The most intense session of the week for me was being part of the panel on search and reunion. Before it was my turn to speak, I sat and listened to the powerful, complex, and confusing narratives of three adult adoptee women, Jae Ran Kim, Lisa Marie Rollins, and Susan Ito. When my turn came, I started out by confessing that I was aware of my stomach tightening and the adrenaline surging through my body, making me feel like getting up and running out of the room.

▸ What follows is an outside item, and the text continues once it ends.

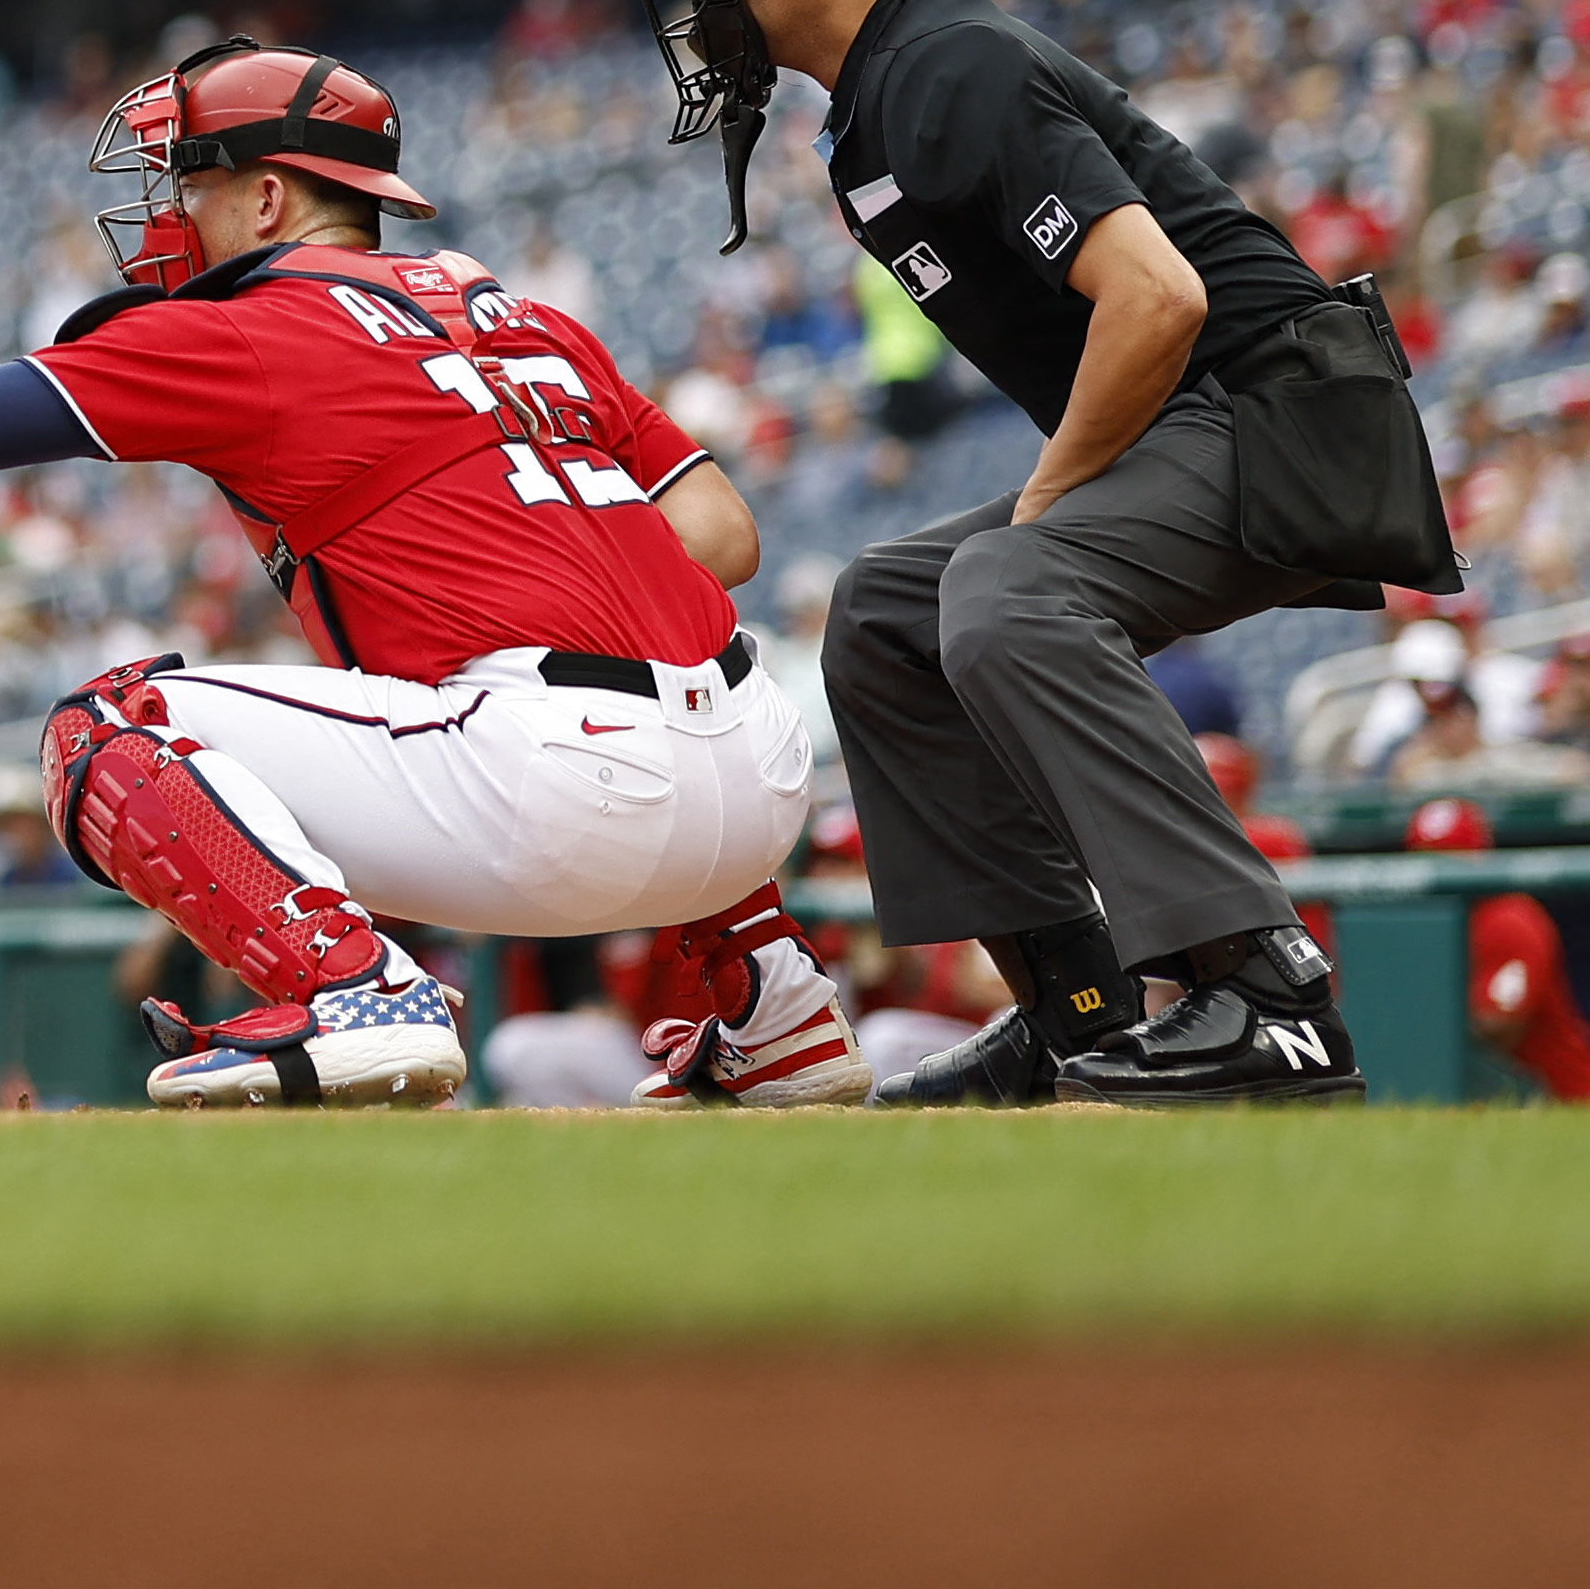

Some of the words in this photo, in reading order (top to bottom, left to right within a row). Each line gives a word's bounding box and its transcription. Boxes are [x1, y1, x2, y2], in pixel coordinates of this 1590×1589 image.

[1032, 205, 1070, 249] DM
[419, 351, 653, 508] 15
[1266, 1019, 1332, 1071] N

I said I really did not want to talk about search and reunion but I was going to do it anyway, because it might help some of the adopted youth listening (the teen group had joined us for this session) or it might help some of the parents in the audience to better understand their children’s experience of adoption.

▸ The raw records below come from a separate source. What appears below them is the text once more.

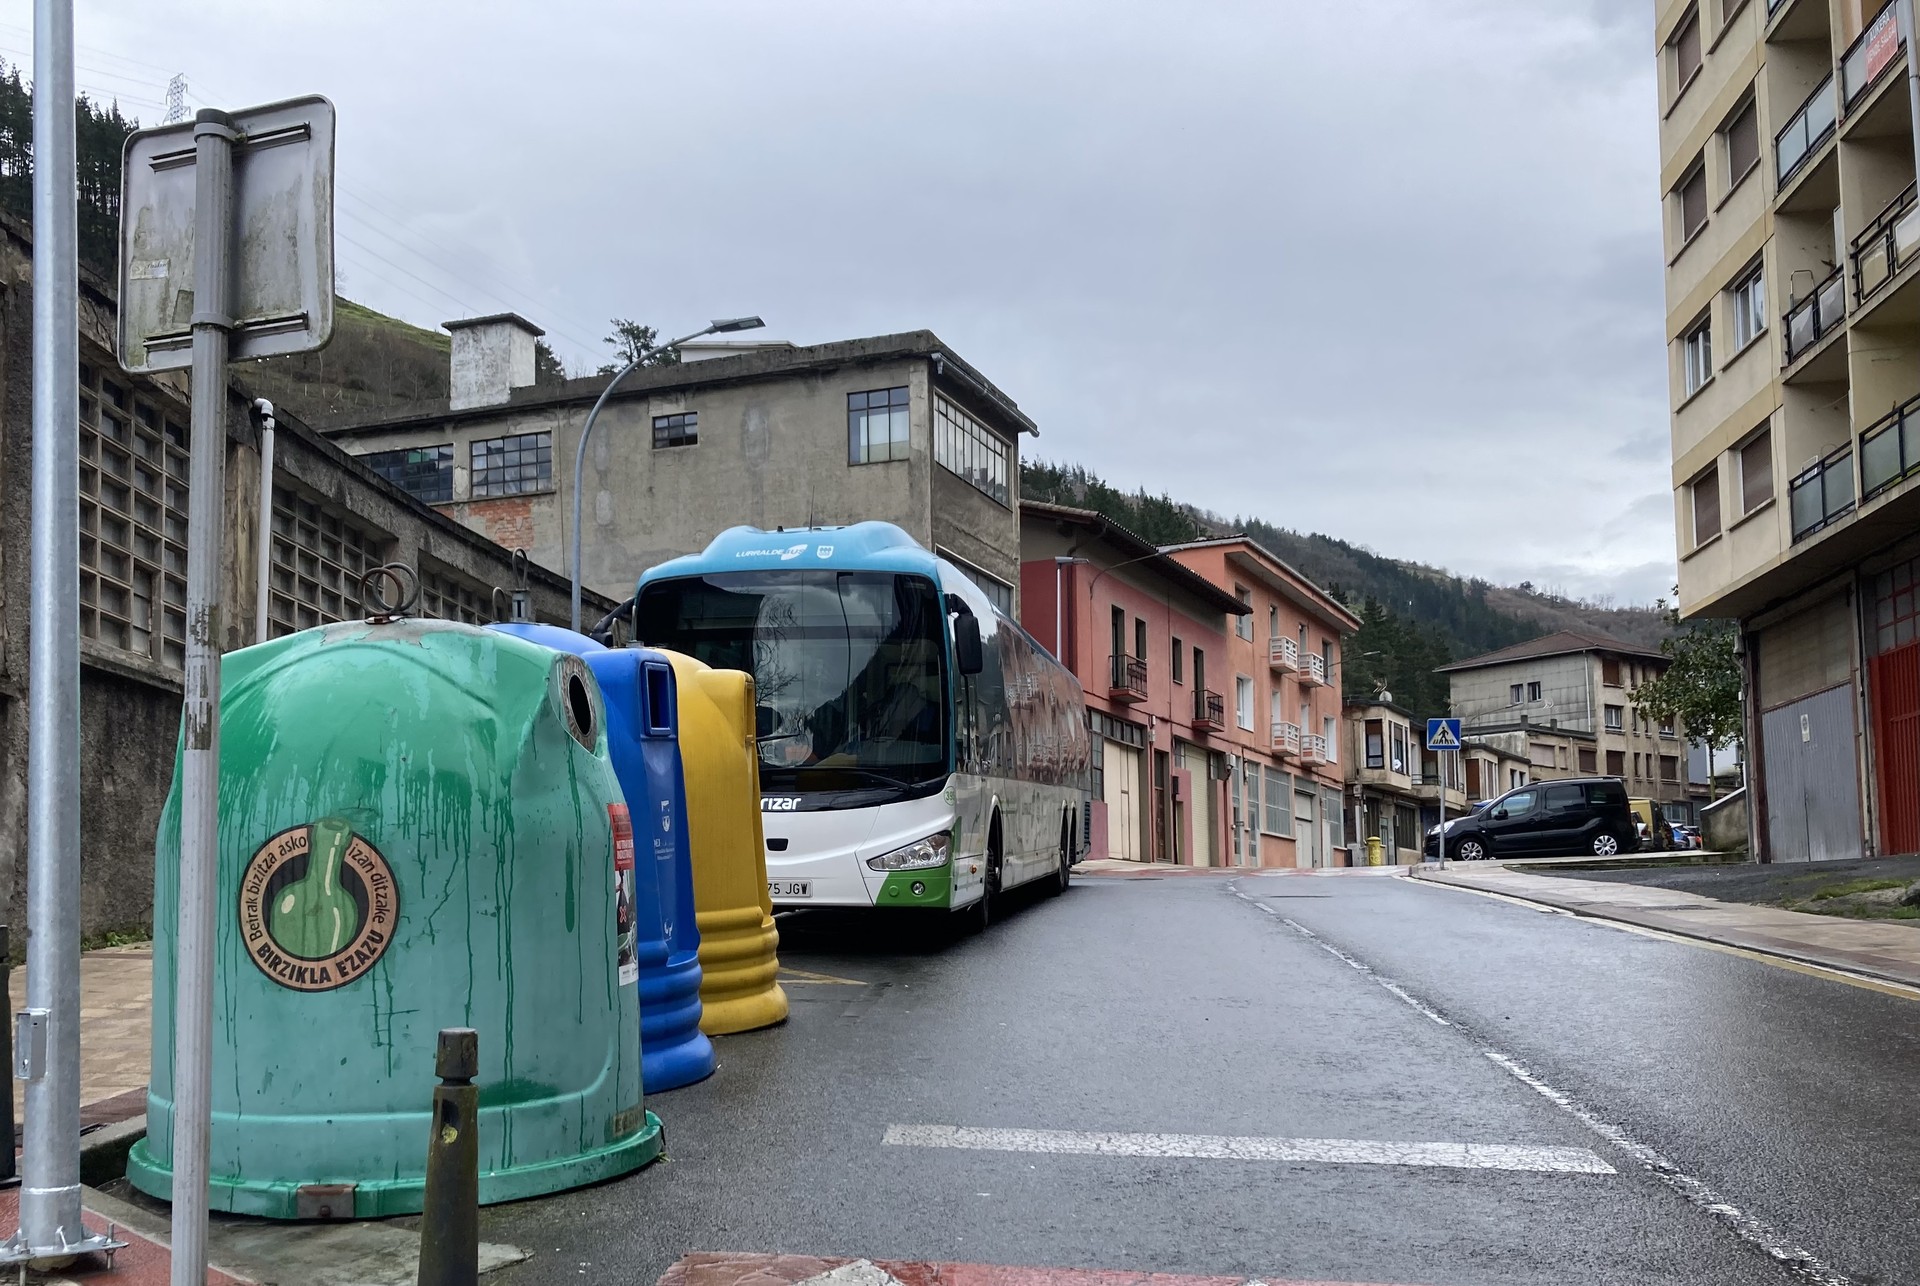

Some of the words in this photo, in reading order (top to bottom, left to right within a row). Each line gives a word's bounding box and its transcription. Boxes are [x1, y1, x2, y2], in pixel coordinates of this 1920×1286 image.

[760, 797, 802, 810] rizar
[278, 836, 307, 857] asko
[348, 843, 375, 874] izan
[246, 853, 277, 895] bizitza
[768, 883, 780, 895] 75
[785, 883, 808, 895] JGW
[370, 872, 391, 924] ditzake
[246, 896, 263, 942] Beirak
[257, 942, 332, 984] BIRZIKLA
[336, 929, 384, 977] EZAZU

Then I talked about the limited and virtually non-existent information given to my adoptive parents about my birth family, and how I had grown up knowing only that my biological mother was white and that my birth father was a “light-skinned negro.” I told the audience that I wondered, as a child and adolescent, what a light-skinned negro looked like, and what a light-skinned negro sounded like and acted like, etc. I recalled my ongoing ambivalence about searching or looking for that light-skinned negro man, and how my parents always said that they would support me should I ever decide to search. I discussed how I didn’t necessarily want to meet my birth parents. Still, I desperately wanted to see and learn about this mysterious light-skinned negro from a distance. I talked about how searching, for me, was more about gaining access to information that is rightfully mine, rather than reconnecting with actual birth family members face to face.
[edited...]
I verbalized the anger I carry with me as an emascualted and infantilized adopted person since I am prevented over and over from easily gaining access to MY personal information, and how that makes me feel like a second or third class citizen. I also said a lot of other things on the panel that I may write about later, but getting back to the topic of intense post-camp emotions, all this talk about birth parents–thoughts that I usually tend to suppress or not dwell on– stirred up lots of uncomfortable feelings. When the panel session ended, I felt like I was about seven years old again, which is incredibly unnerving, since I am a forty-seven year old, highly educated, and competent professional. A grown-up, after all. The point being that these tough issues are never fully resolved, but have stayed with me throughout my life as I continue this strange journey through adoption.
[edited...]
Dear Pact Camp-ers, take deep breaths and remember that we can withstand the waves of emotion as they surface. If you are an adoptee, tell yourself that you are not going to lose your family again. And even if you do lose ties to your families, there is another family of Adult TRAs just waiting to welcome you with open arms. So keep reminding your frightened inner adopted child that you are now safe. After all, we are survivors. And we are loved, and we deserve all the good things coming our way.